45 years ago American feminist Betty Friedan saw how suburban isolation undermined women’s health and restricted women’s choices. In a now classic essay, “The Problem That Has No Name” Friedan successfully linked the repressive domesticity of the 1950s to suburbanization.
Friedan’s analysis was pooh-poohed as a “women’s” issue.
Coming soon to a station near you: $5.00/gallon gas. VOILLA!
That's right, high gas prices are un-gendering the problem of suburban isolation. As a result, the negative impacts of suburbanization have suddenly become a serious issue for Americans (aka one that impacts men). With gas prices at an all-time high, companies and cities are being forced to re-think old models, and some of their solutions might just make balancing career and family life easier - a goal very dear to the hearts of many professional women.
Improved Public Transportation: One way that cities are having to respond to the rising costs of gas is by putting more money into failing public transportation systems. Long ignored in many cities as being unimportant (because they were only used by 'poor people' without cars), sidewalks, buses, and commuter train lines are now seeing more traffic from people of all socio-economic classes, and money is being allocated for their upkeep. Lights are being installed down formerly dark footpaths, broken sidewalks are being repaired, and additional security personnel can be found patrolling commuter rails. While this will benefit all citizens, women in particular stand to gain a lot from the improvements. With additional lights, many women will feel safer running and traveling after dark. Improved sidewalks will be beneficial for mothers with strollers.

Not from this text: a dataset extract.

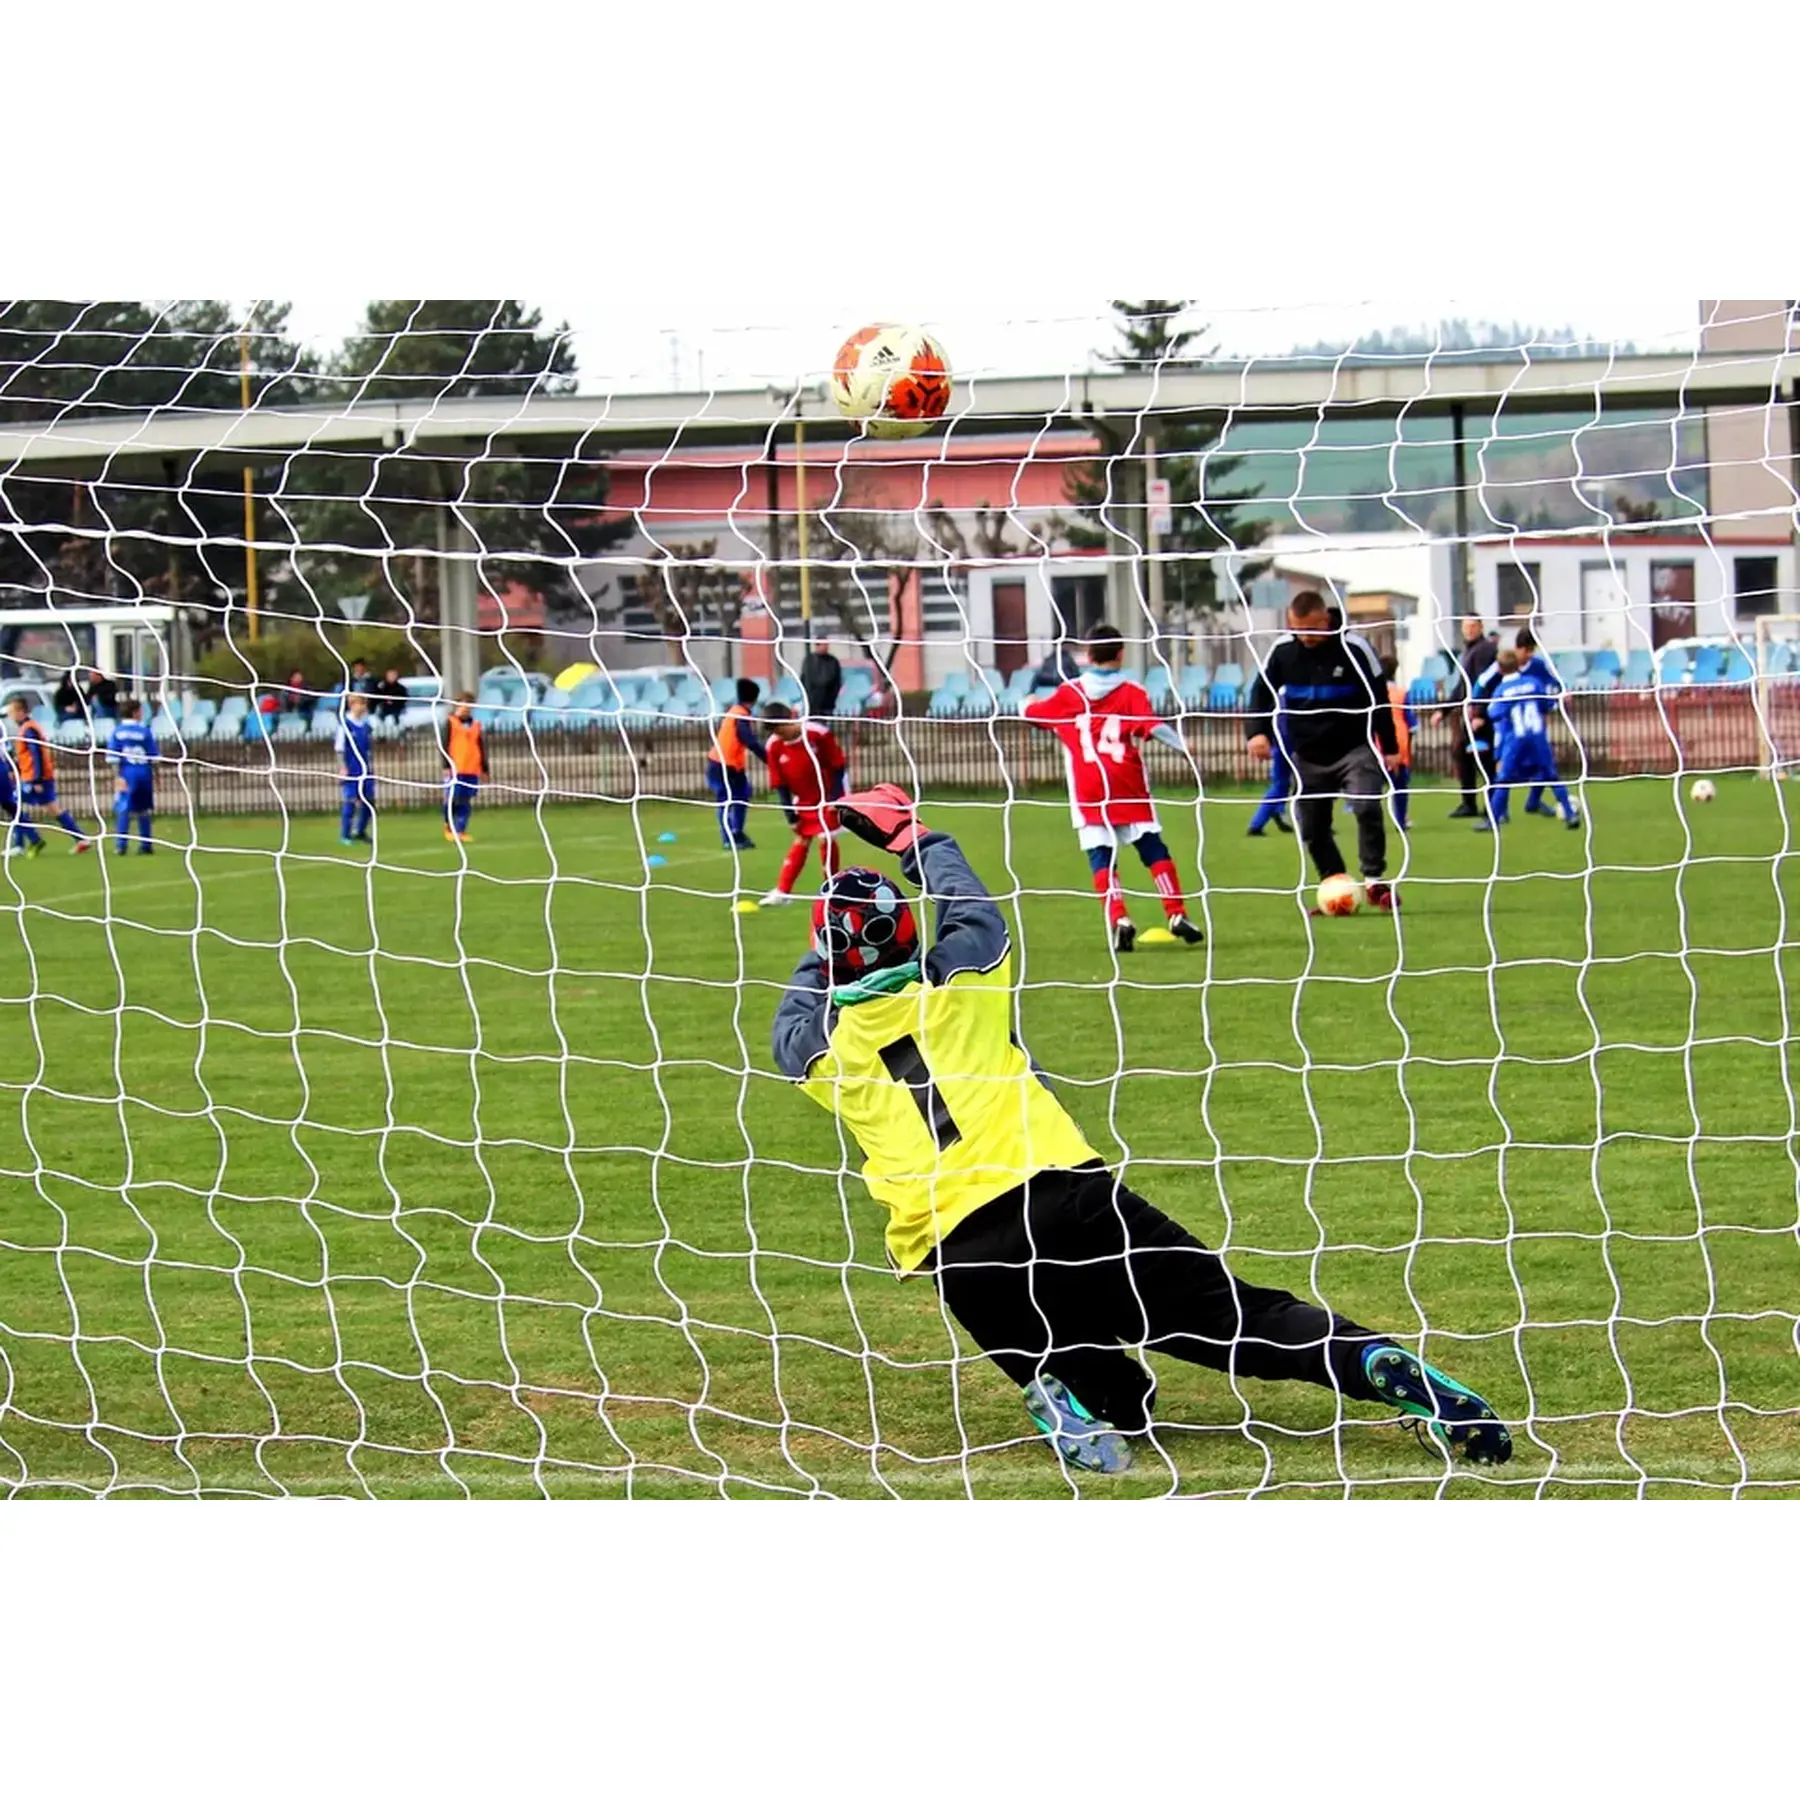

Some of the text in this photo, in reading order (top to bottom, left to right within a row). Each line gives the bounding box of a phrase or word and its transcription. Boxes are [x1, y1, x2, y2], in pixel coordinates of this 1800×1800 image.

[1075, 714, 1125, 763] 14
[1511, 701, 1543, 737] 14
[877, 1033, 963, 1152] 1

Flexible Hours and Work-from-Home Opportunities: Although they stand to loose little, many companies have been obstinately reluctant to offer flexible work schedules and work-from-home opportunities to parents. Since our society still expects that women will be responsible for most child care, this has been a problem that has disproportionately impacted working mothers. The logic has consistently been that if women really want to be competitive in any field, they should abstain from having families altogether. Yet, as NPR reported today on Morning Edition, more and more companies are offering all employees options like working out of home offices or the choice of working 10-hour days four days a week rather than 8-hour daily five day weeks. For mothers who wish for more flexibility to work around day-care schedules and child rearing necessities like sick-days and doctor appointments, the work from home option has always been coveted - despite the occasional complaint from bosses that it makes women seem 'less serious' about their careers. As one male employee puts it in the Morning Edition piece, as long as the work gets done, who cares if it happens on the traditional schedule? For mothers seeking for more time with their children and one free day when they know appointments can be made, trading a couple of Monday-Thursday hours for a completely free Friday might seem like a bargain.